Published:Monday | June 18, 2018 | 12:00 AM
In this June 15, 2018 file photo, Chris Olson of Lake Wallenpaupack, Pa, holds a sign outside Lackawanna College where US Attorney Jeff Sessions spoke on immigration policy and law enforcement actions, in Scranton, Pa. The Trump administration's move to separate immigrant parents from their children on the US-Mexico border has turned into a full-blown crisis in recent weeks, drawing denunciation from the United Nations, Roman Catholic bishops and countless humanitarian groups.

WASHINGTON (AP):

Former first Lady Laura Bush says the policy of separating immigrant parents and children along the nation's southern border is "cruel", ''immoral" and " breaks (her) heart".

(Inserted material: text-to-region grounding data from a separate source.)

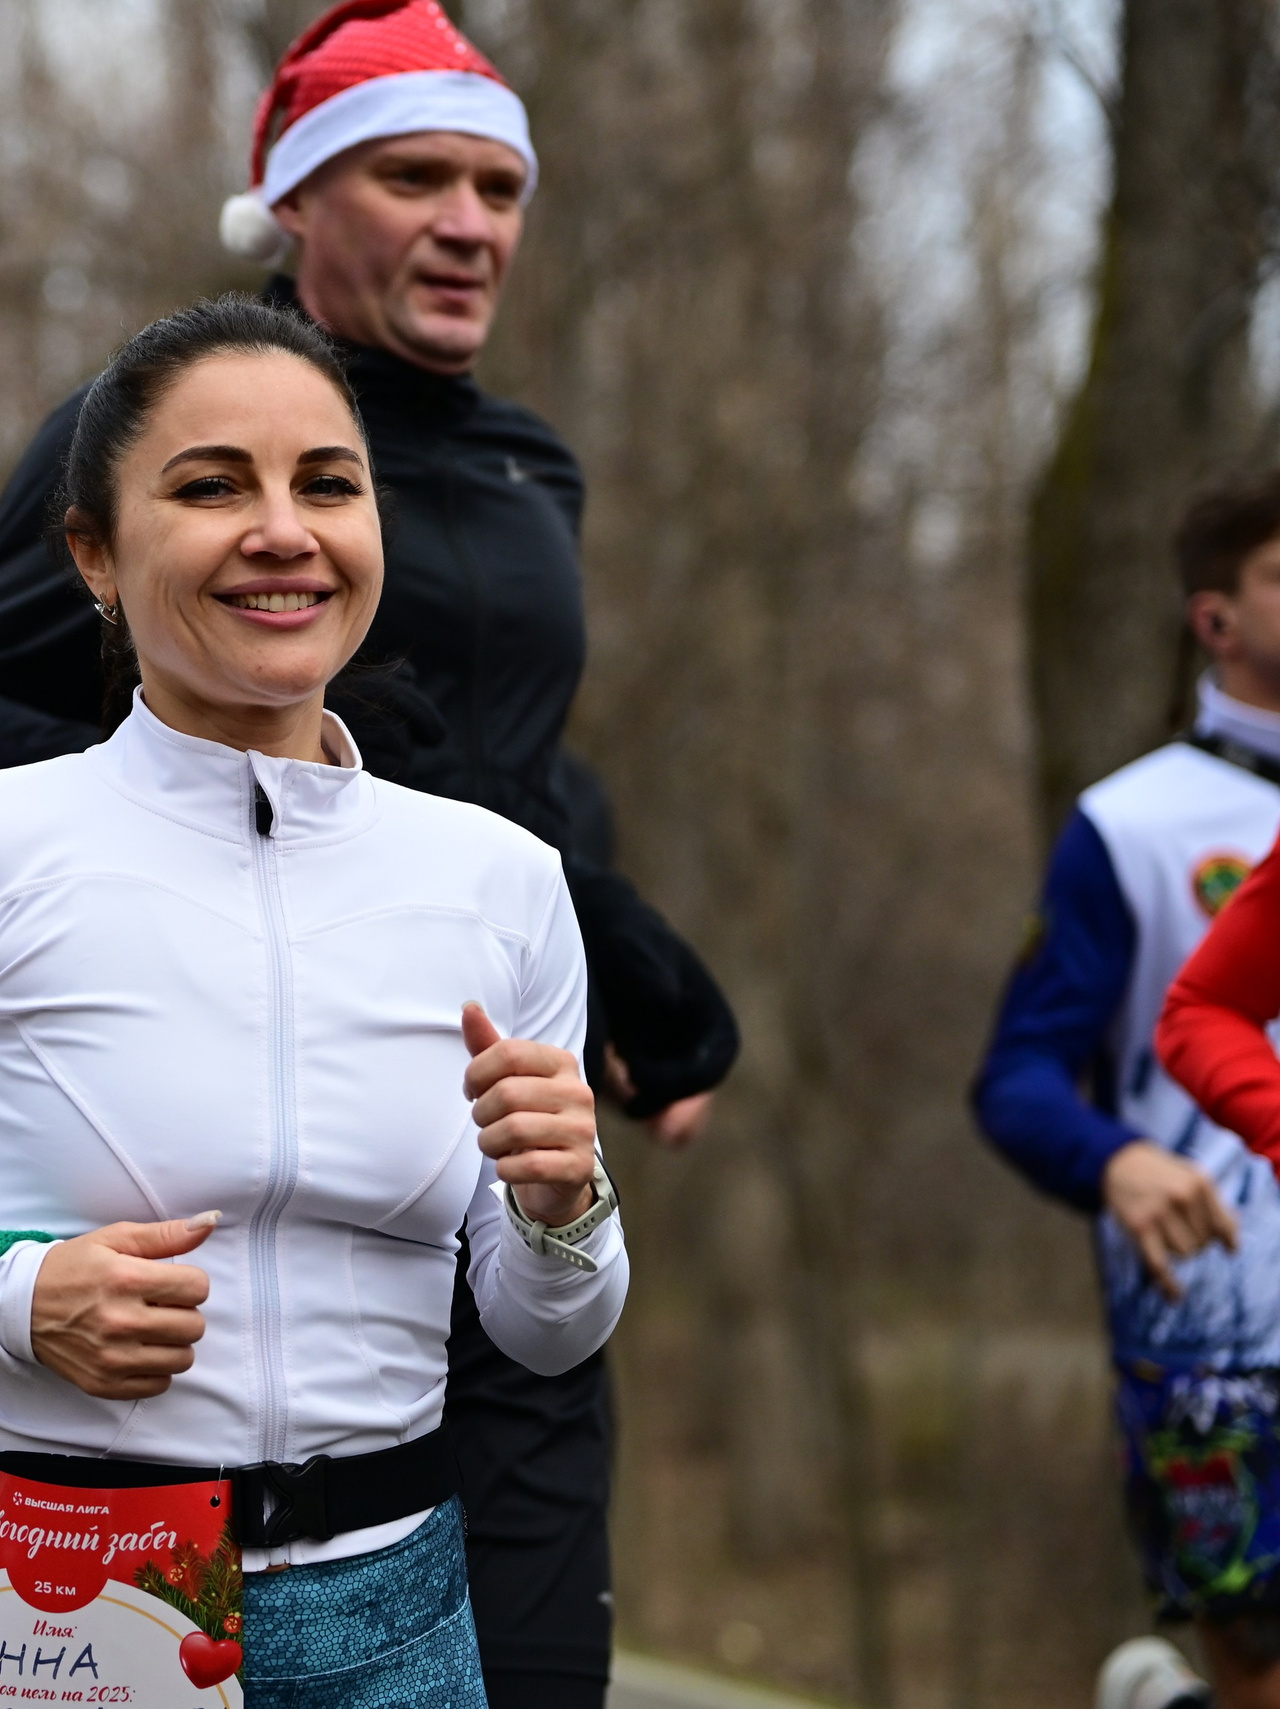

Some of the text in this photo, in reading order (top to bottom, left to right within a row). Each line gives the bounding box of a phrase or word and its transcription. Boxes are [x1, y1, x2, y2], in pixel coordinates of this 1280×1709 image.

[24, 1497, 110, 1515] ВЫСШАЯ ЛИГА
[102, 1521, 178, 1566] забег
[34, 1580, 52, 1595] 25
[32, 1619, 78, 1639] Имя:
[20, 1687, 57, 1701] цель
[61, 1690, 83, 1702] на
[86, 1686, 136, 1703] 2025:
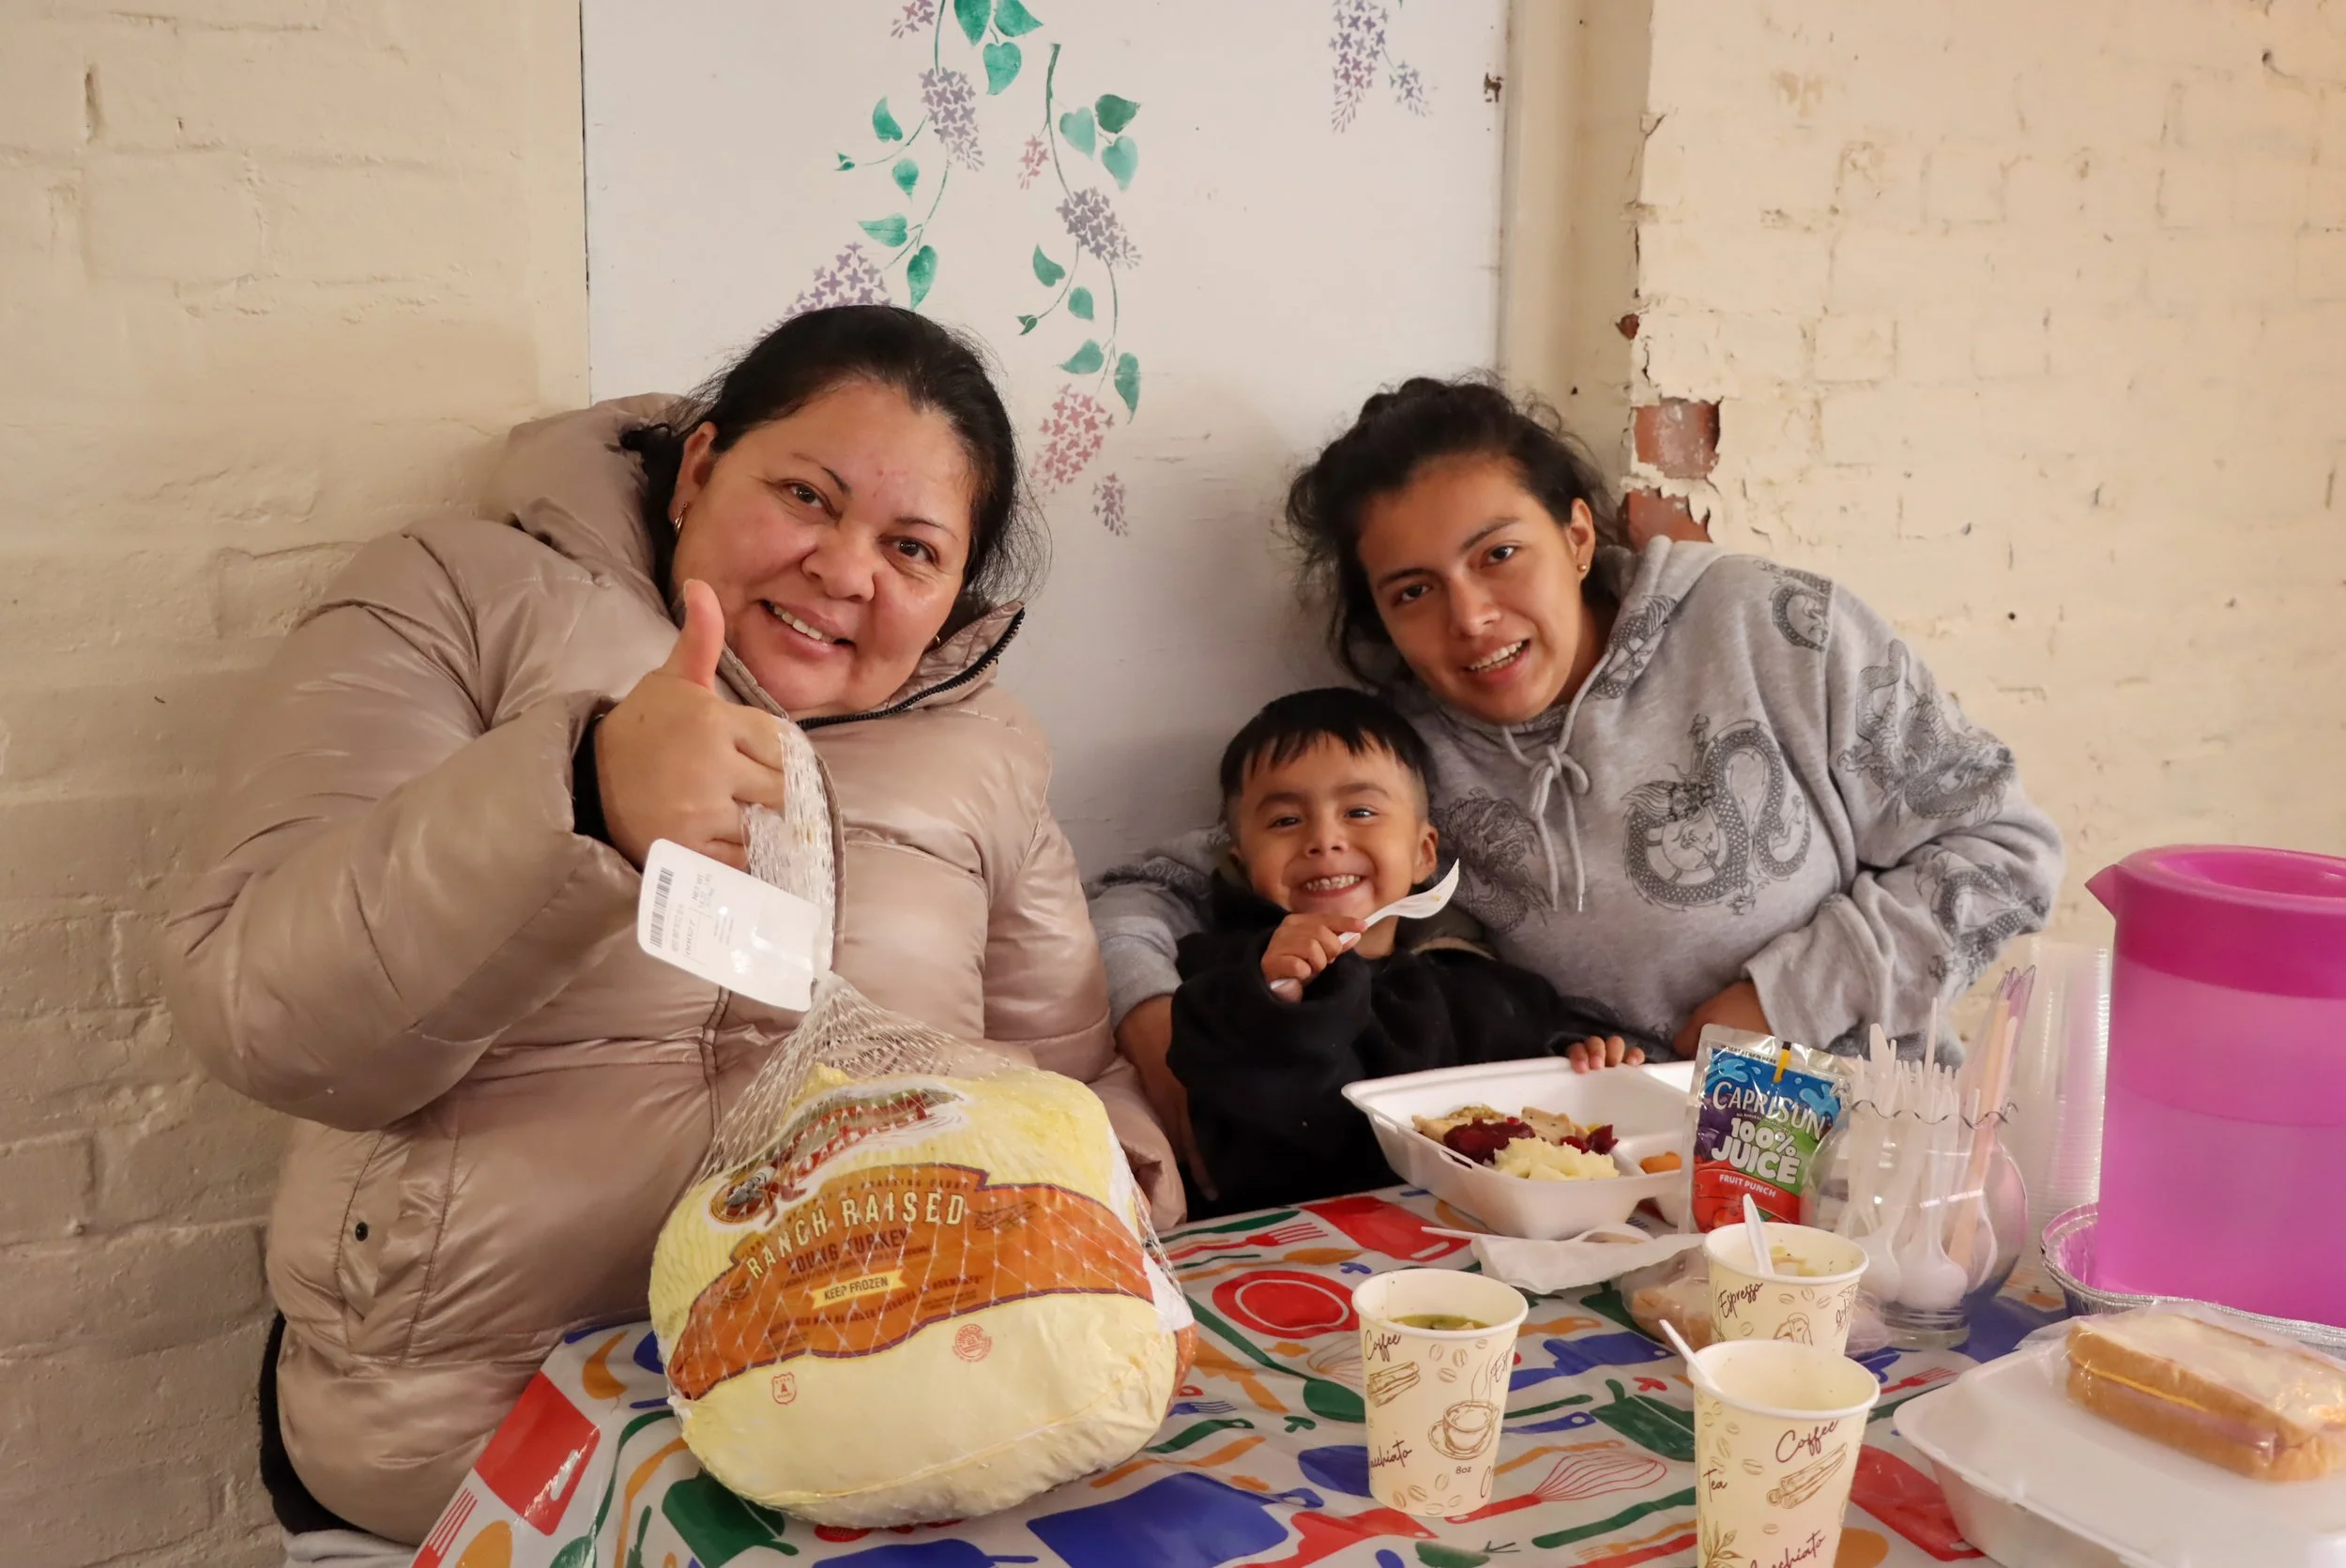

Bush was writing a guest column for The Washington Post Sunday and compared the policy to the internment of Japanese- Americans during World War II.

"I appreciate the need to enforce and protect our international boundaries, but this zero-tolerance policy is cruel," she wrote.

She said the US government "should not be in the business of warehousing children in converted box stores or making plans to place them in tent cities in the desert outside of El Paso".

She added that it was "eerily reminiscent of the Japanese American internment camps of World War II", which she said are "now considered to have been one of the most shameful episodes in US history".

 

Melania wades in

 

First Lady Melania Trump is wading into the emotional controversy over policies enacted by her husband's administration that have increased the number of migrant children being separated from their parents.

Mrs Trump's spokeswoman, Stephanie Grisham, said the first lady believes "we need to be a country that follows all laws", but also one "that governs with heart".

She said that Mrs Trump "hates to see children separated from their families" and hopes "both sides of the aisle can finally come together to achieve successful immigration reform".

Nearly 2,000 children were separated from their families over a six-week period in April and May after Attorney General Jeff Sessions announced a new "zero-tolerance" policy that refers all cases of illegal entry for criminal prosecution.

Trump has tried to blame the practise on a law passed by Democrats that doesn't exist.